Human moderators are indeed essential for the detection and mitigation of implicit extremist content. Unlike AI, humans can interpret context, cultural references, and ideological subtext, allowing them to differentiate between satire, parody, and coded harmful messaging. These human moderators are thus crucial for operationalising the ICCT-identified indicators, and for making nuanced judgements on content that cannot be automated reliably.

Effective and proportionate moderation requires structured guidance, training in ideological and cultural literacy, and safeguards against bias. A four-eyes principle, in which multiple moderators review content, enhances consistency and reliability. Human expertise ensures that platforms can balance protection against harm with respect for freedom of expression, a task that automated systems alone cannot fulfil.

Platforms’ reliance on AI creates the illusion of comprehensive moderation, masking the continued presence of subtle extremist messaging. The absence of contextual judgment not only undermines content detection but also risks delegitimising moderation processes when legitimate discourse is misclassified, leading to large numbers of false positives. Private governance without democratic oversight leaves critical decisions on online safety to corporate discretion, often misaligned with societal interests.

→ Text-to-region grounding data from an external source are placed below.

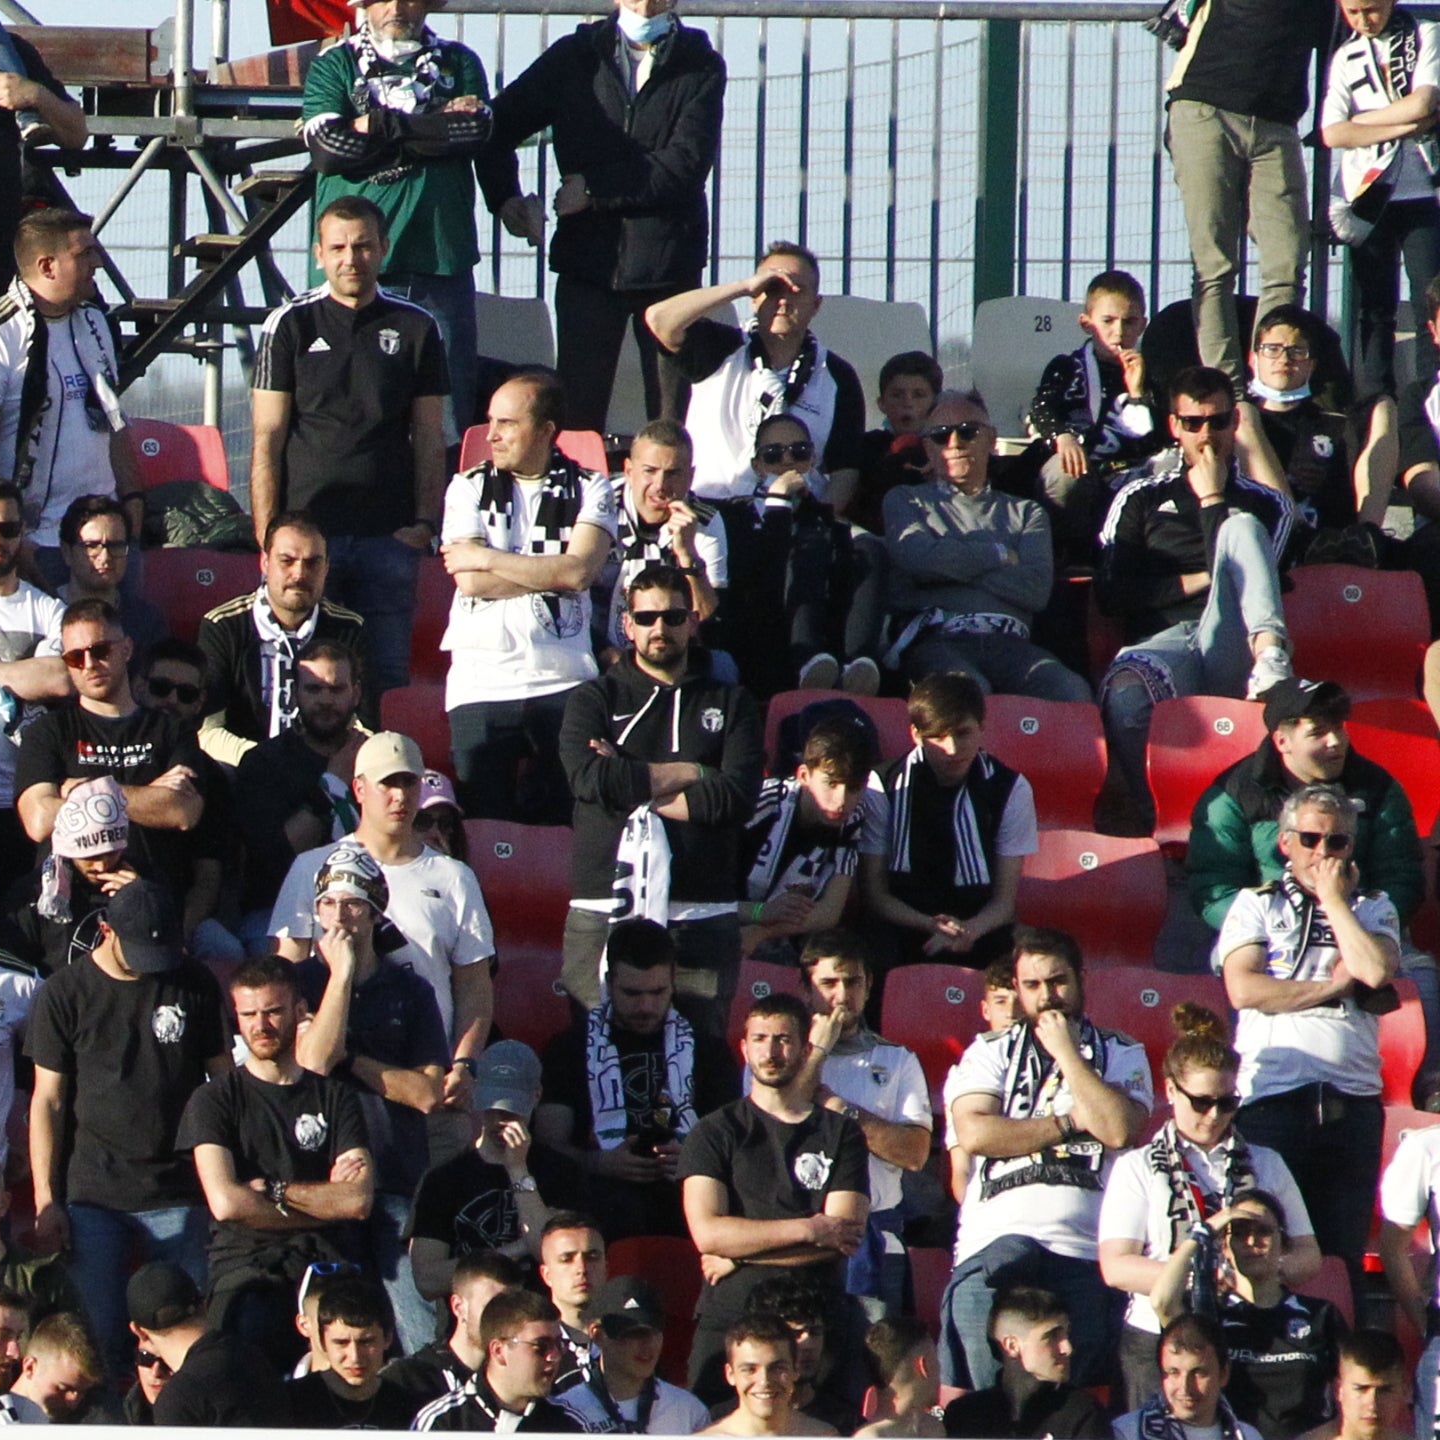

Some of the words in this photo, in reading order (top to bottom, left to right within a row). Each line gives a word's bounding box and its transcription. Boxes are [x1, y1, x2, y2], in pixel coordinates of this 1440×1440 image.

[1034, 315, 1052, 332] 28
[144, 442, 158, 453] 63
[198, 572, 212, 584] 63
[1022, 720, 1036, 731] 67
[1216, 721, 1231, 731] 68
[496, 845, 510, 855] 64
[1082, 856, 1095, 866] 67
[754, 985, 768, 996] 65
[948, 989, 962, 1001] 66
[1143, 993, 1156, 1004] 67

Conclusion and Recommendations

Implicit extremist content represents a complex, evolving threat. Its ambiguity, context-dependence, and adaptability allow it to bypass both legal frameworks and automated moderation, putting individuals, vulnerable groups (in particular, youth), democratic institutions, and social cohesion at risk. Human moderators are indispensable, providing the nuanced judgment required to interpret subtle extremist messaging.

Policy Recommendations:

  1. Clarify operational definitions: Regulators should provide precise, context-informed definitions of implicit extremist content.

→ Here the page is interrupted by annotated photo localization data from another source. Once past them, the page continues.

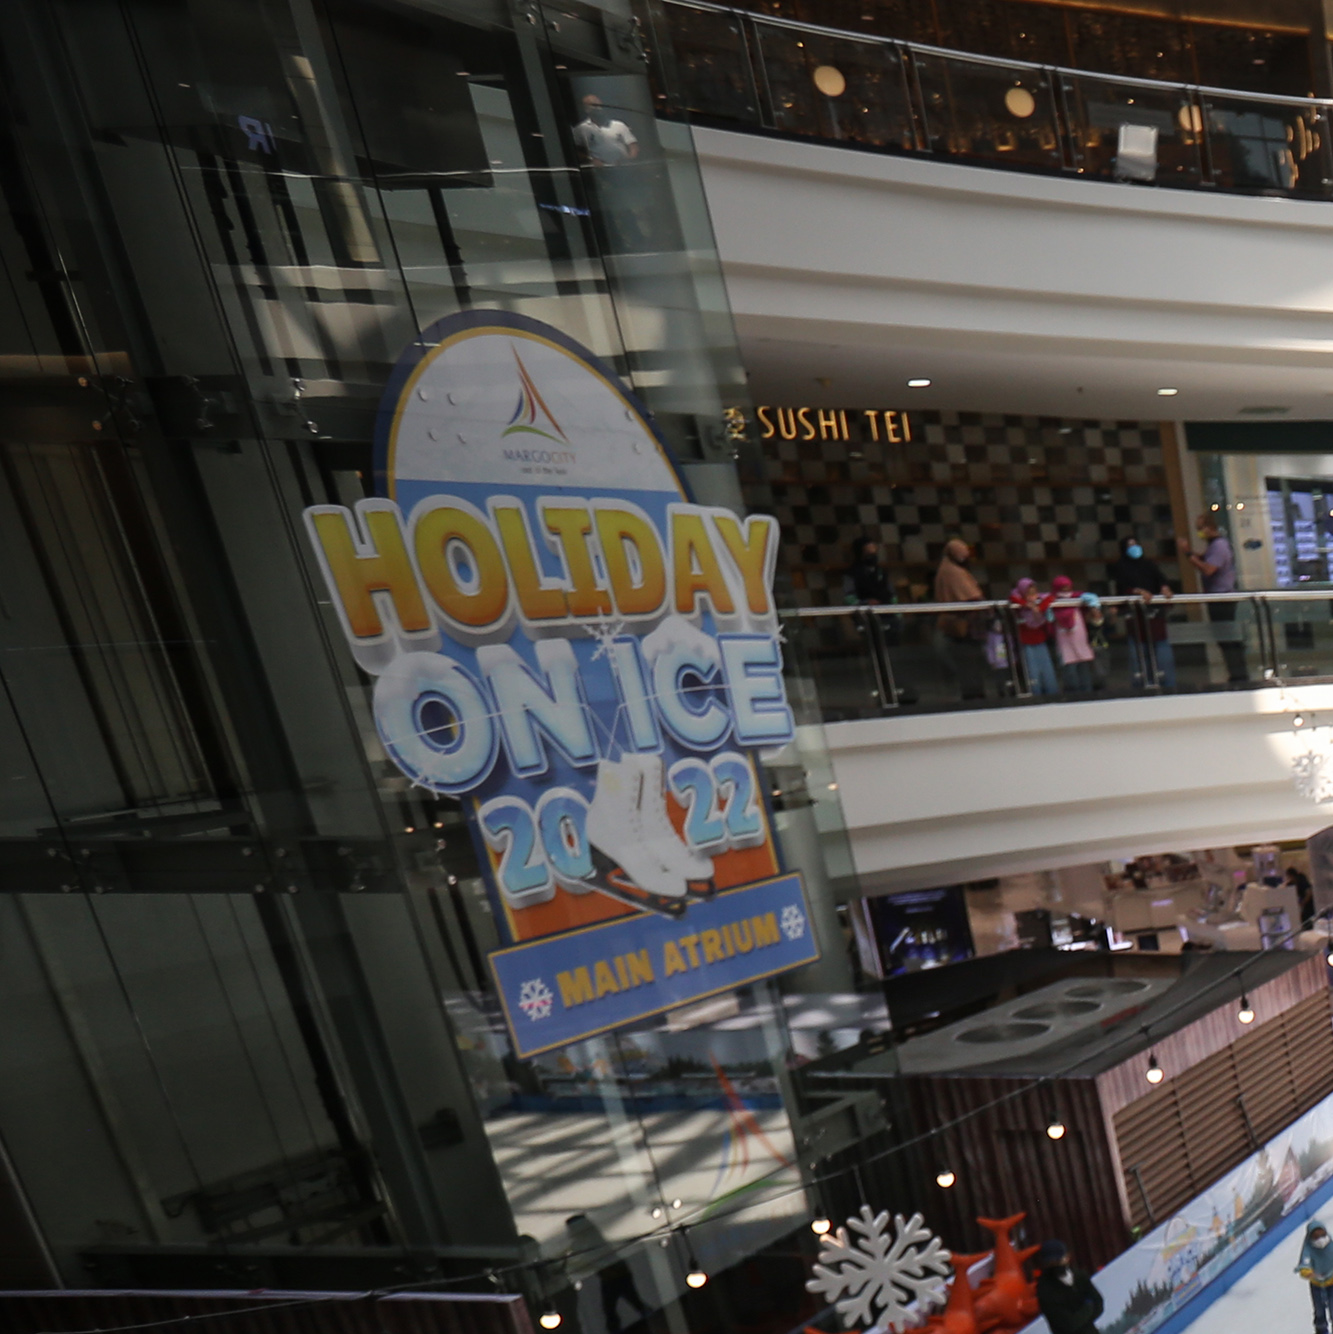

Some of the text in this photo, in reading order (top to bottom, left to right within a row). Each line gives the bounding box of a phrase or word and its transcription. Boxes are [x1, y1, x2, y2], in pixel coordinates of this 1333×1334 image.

[757, 405, 912, 444] SUSHI TEI
[304, 494, 780, 642] HOLIDAY
[374, 617, 796, 794] ON ICE
[555, 911, 781, 1008] MAIN ATRIUM
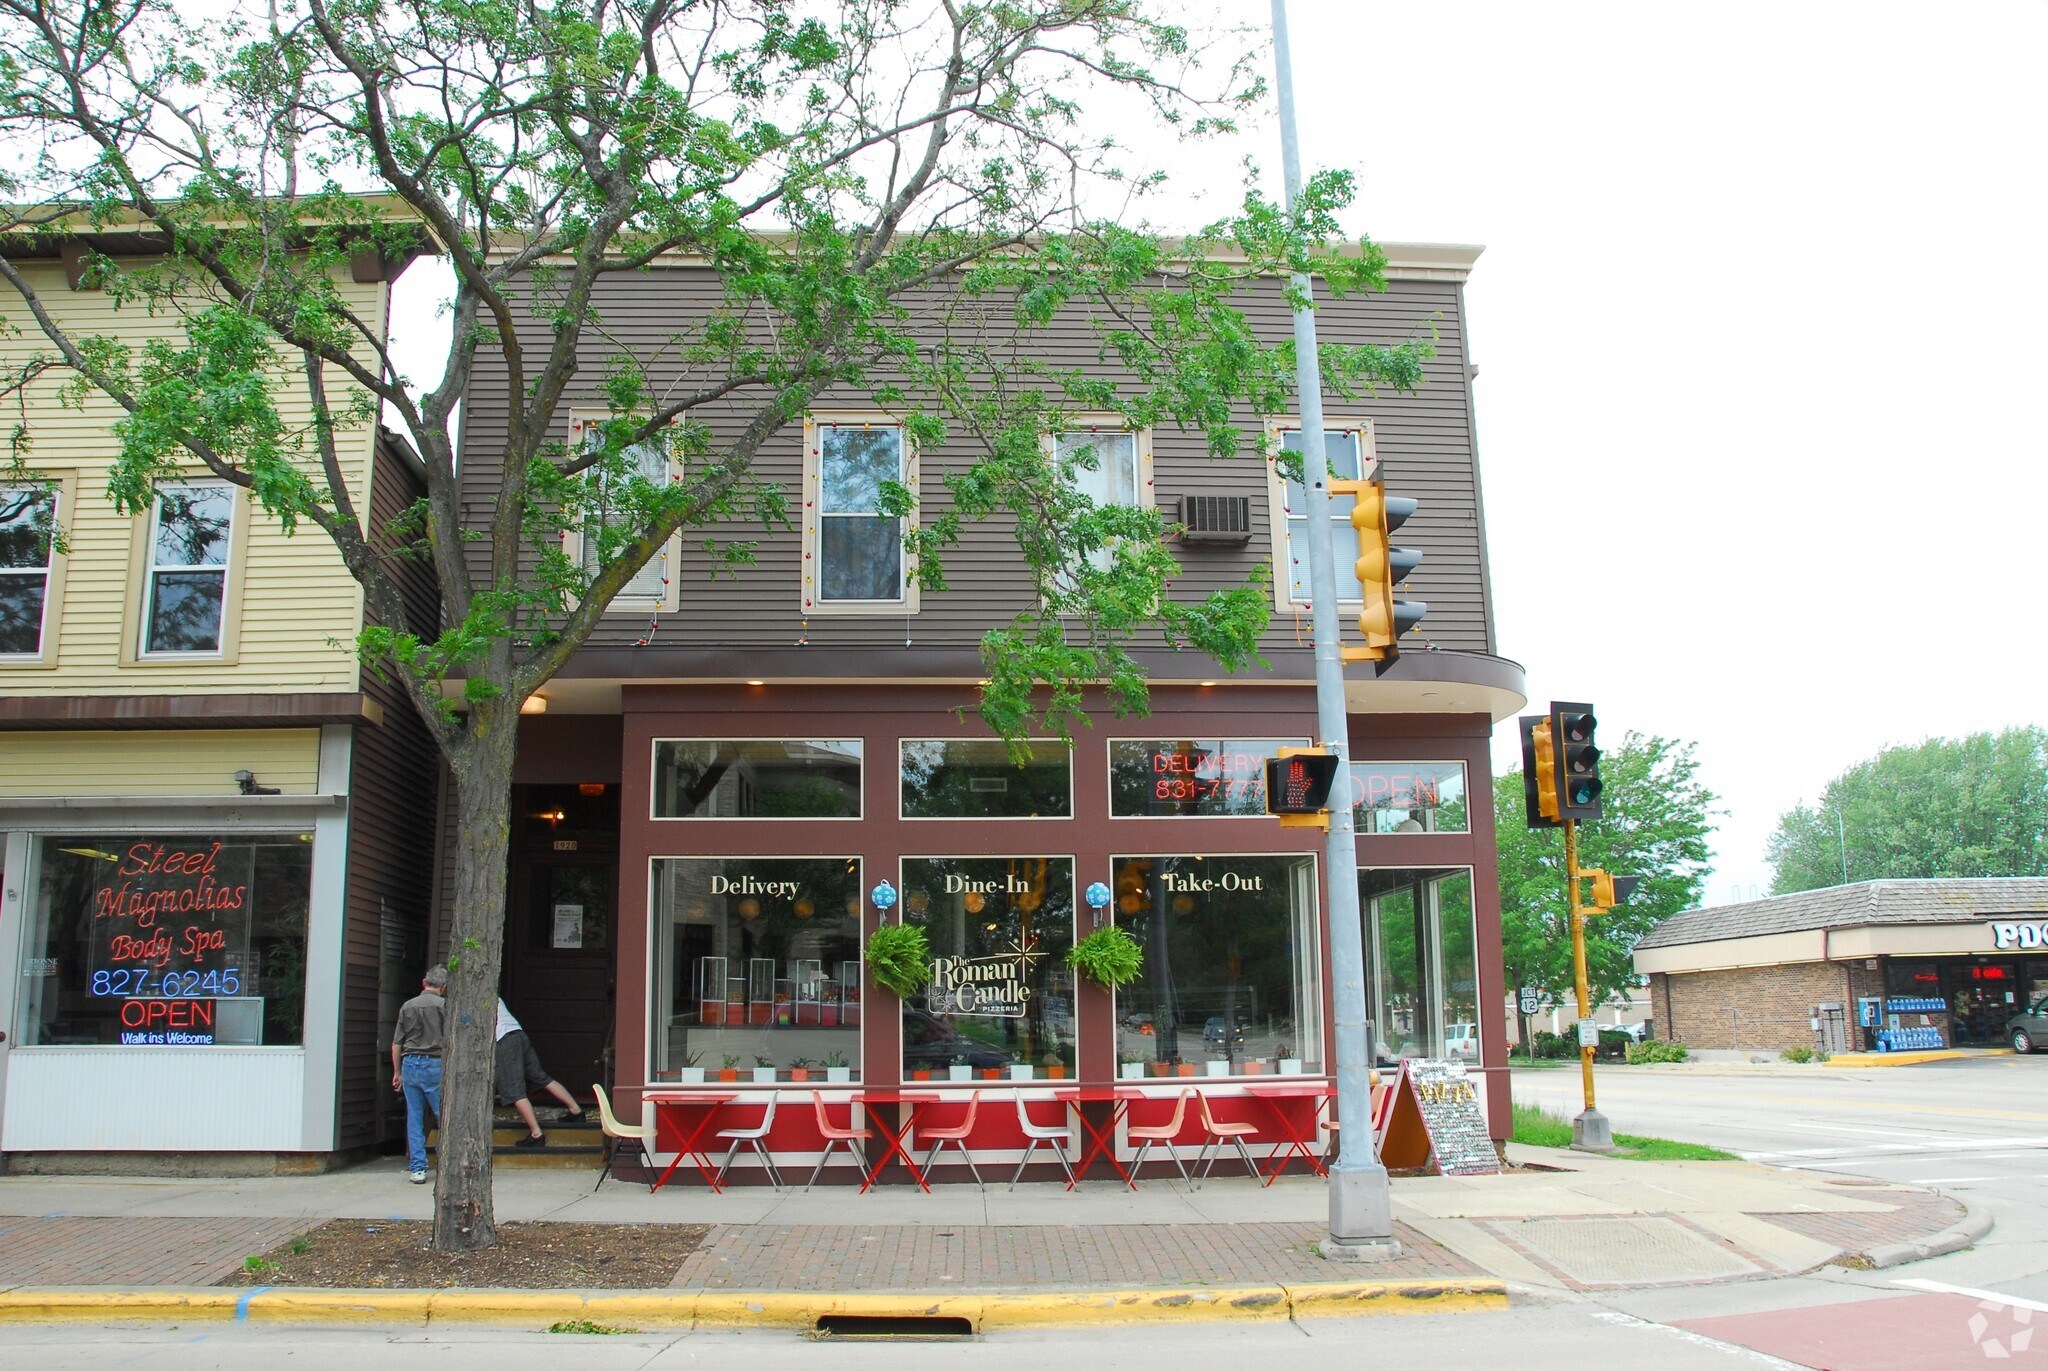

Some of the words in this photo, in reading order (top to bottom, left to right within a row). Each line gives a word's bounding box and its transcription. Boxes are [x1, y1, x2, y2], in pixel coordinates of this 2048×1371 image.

[1154, 753, 1263, 773] DELIVERY
[1156, 779, 1264, 799] 831-7777
[555, 841, 577, 849] 1920
[118, 842, 222, 876] Steel
[710, 875, 800, 900] Delivery
[945, 874, 1030, 895] Dine-In
[1165, 872, 1264, 893] Take-Out
[96, 875, 247, 928] Magnolias
[111, 927, 173, 967] Body
[180, 926, 226, 962] Spa
[1992, 922, 2048, 949] PD
[951, 955, 970, 966] The
[91, 968, 240, 998] 827-6245
[934, 958, 1016, 991] Roman
[956, 979, 1031, 1012] Candle
[1522, 988, 1535, 996] JCT
[121, 1000, 212, 1027] OPEN
[1525, 1000, 1536, 1010] 12
[121, 1032, 147, 1045] Walk
[149, 1032, 164, 1044] ins
[166, 1032, 213, 1044] Welcome
[1418, 1082, 1476, 1105] PIZZA

  2. Mandate hybrid moderation models: Platforms should combine AI-assisted pre-screening with trained human moderators.

  3. Invest in moderator expertise: Platforms should realise that ongoing cultural, ideological, and contextual training is essential, alongside measures to mitigate bias.

  4. Enhance transparency and accountability: Platforms should publish detailed moderation reports, including criteria and rationale for decisions.

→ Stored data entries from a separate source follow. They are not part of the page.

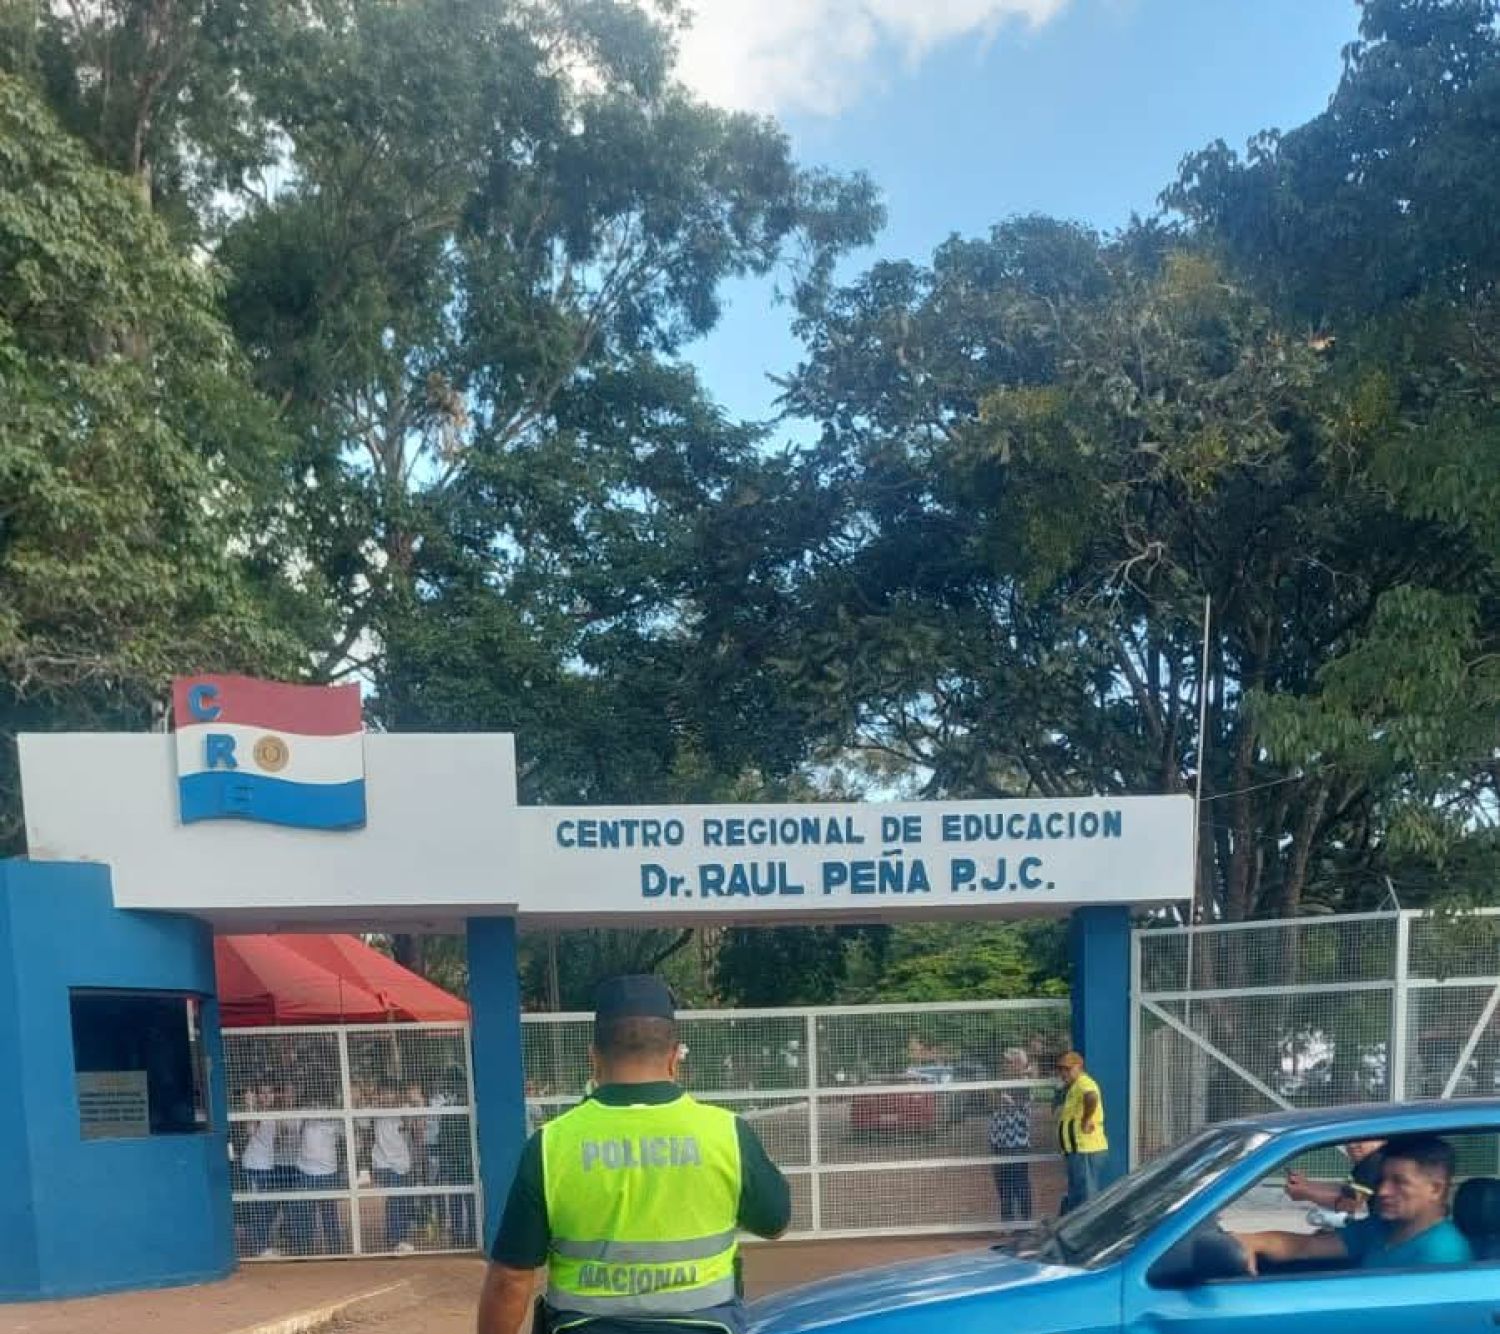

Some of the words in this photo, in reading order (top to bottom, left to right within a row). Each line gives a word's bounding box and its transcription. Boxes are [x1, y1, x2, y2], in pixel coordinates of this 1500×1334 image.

[188, 683, 221, 721] C
[206, 733, 238, 769] R
[556, 819, 685, 848] CENTRO
[703, 816, 865, 846] REGIONAL
[882, 815, 922, 843] DE
[942, 810, 1122, 842] EDUCACION
[640, 863, 693, 897] Dr.
[699, 861, 804, 897] RAUL
[822, 848, 931, 895] PEÑA
[950, 857, 1056, 892] P.J.C.
[581, 1136, 702, 1173] POLICIA

  5. Develop a sector-wide code of conduct: A sector-wide code of conduct could be developed, which offers a certification that informs consumers on how HSPs conduct their detection and moderation; setting standards for the percentage of human assessment, clarity on the terms used in the terms of service, filters implemented to protect youth and vulnerable groups, transparency on moderation decisions, and appeals procedures.

  6. Promote cross-sector collaboration: Coordination among governments, academia, civil society, and tech companies can improve threat assessment and response.

  7. Focus on youth protection: Specific strategies are needed to prevent exploitation of minors, including digital literacy and resilience initiatives.

  8. Align platform incentives with public interest: Regulatory frameworks should ensure that corporate priorities do not undermine societal safety.